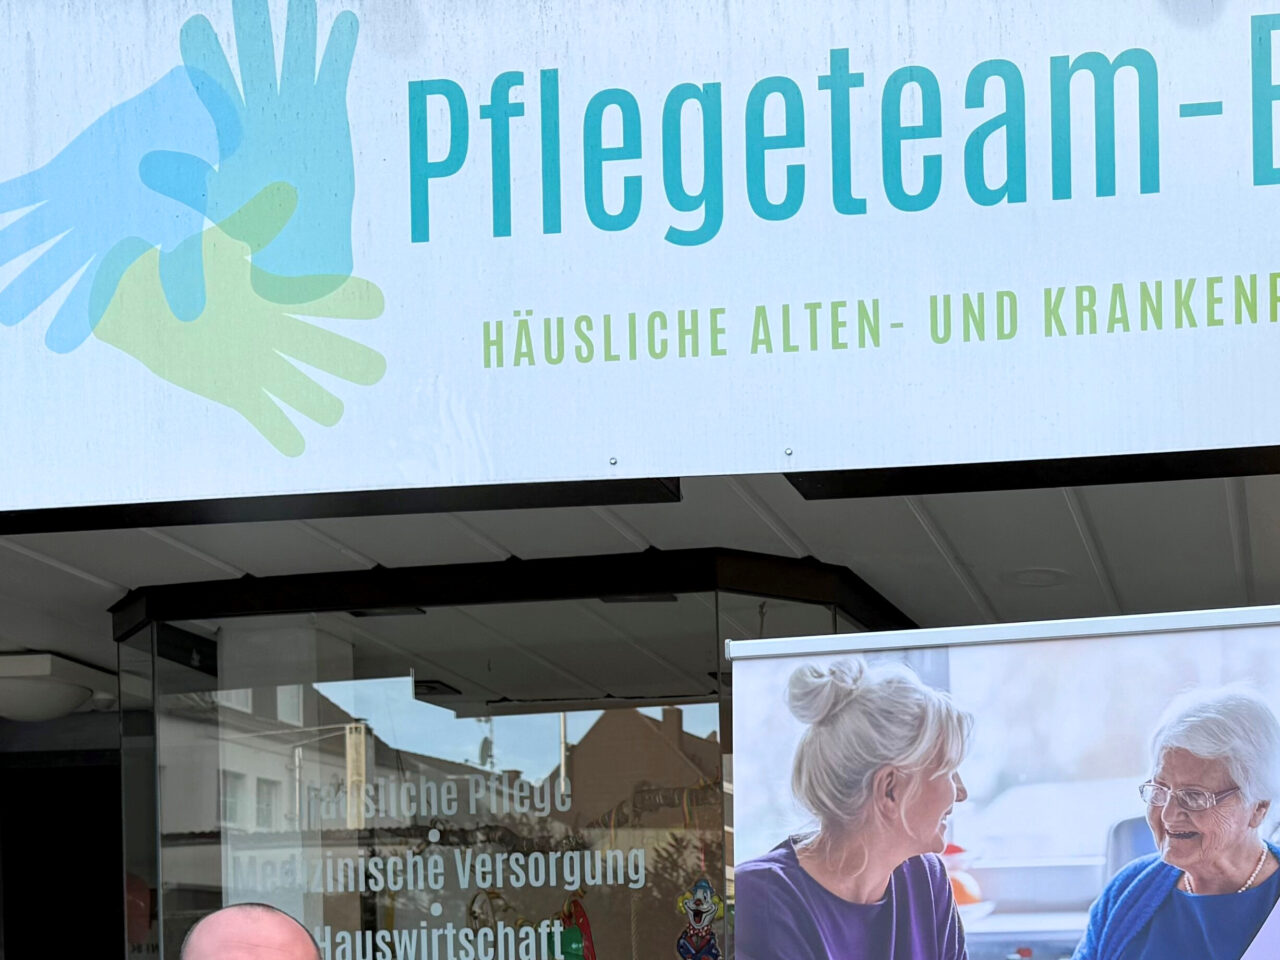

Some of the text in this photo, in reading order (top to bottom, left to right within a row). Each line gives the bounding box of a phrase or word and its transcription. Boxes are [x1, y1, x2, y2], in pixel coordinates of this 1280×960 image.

[483, 307, 728, 369] HÄUSLICHE
[750, 298, 905, 356] ALTEN-
[929, 289, 1019, 345] UND
[454, 847, 646, 891] Versorgung

Problem |
What is needed is an exact copy of the data, without any pictures.

Answer section |
Some of the text in this photo, in reading order (top to bottom, left to right within a row). Each line gives the bounding box of a phrase or word and its transcription. Boxes are [x1, y1, x2, y2], in pixel coordinates of this 1280×960 image.

[483, 307, 728, 369] HÄUSLICHE
[750, 298, 905, 356] ALTEN-
[929, 289, 1019, 345] UND
[454, 847, 646, 891] Versorgung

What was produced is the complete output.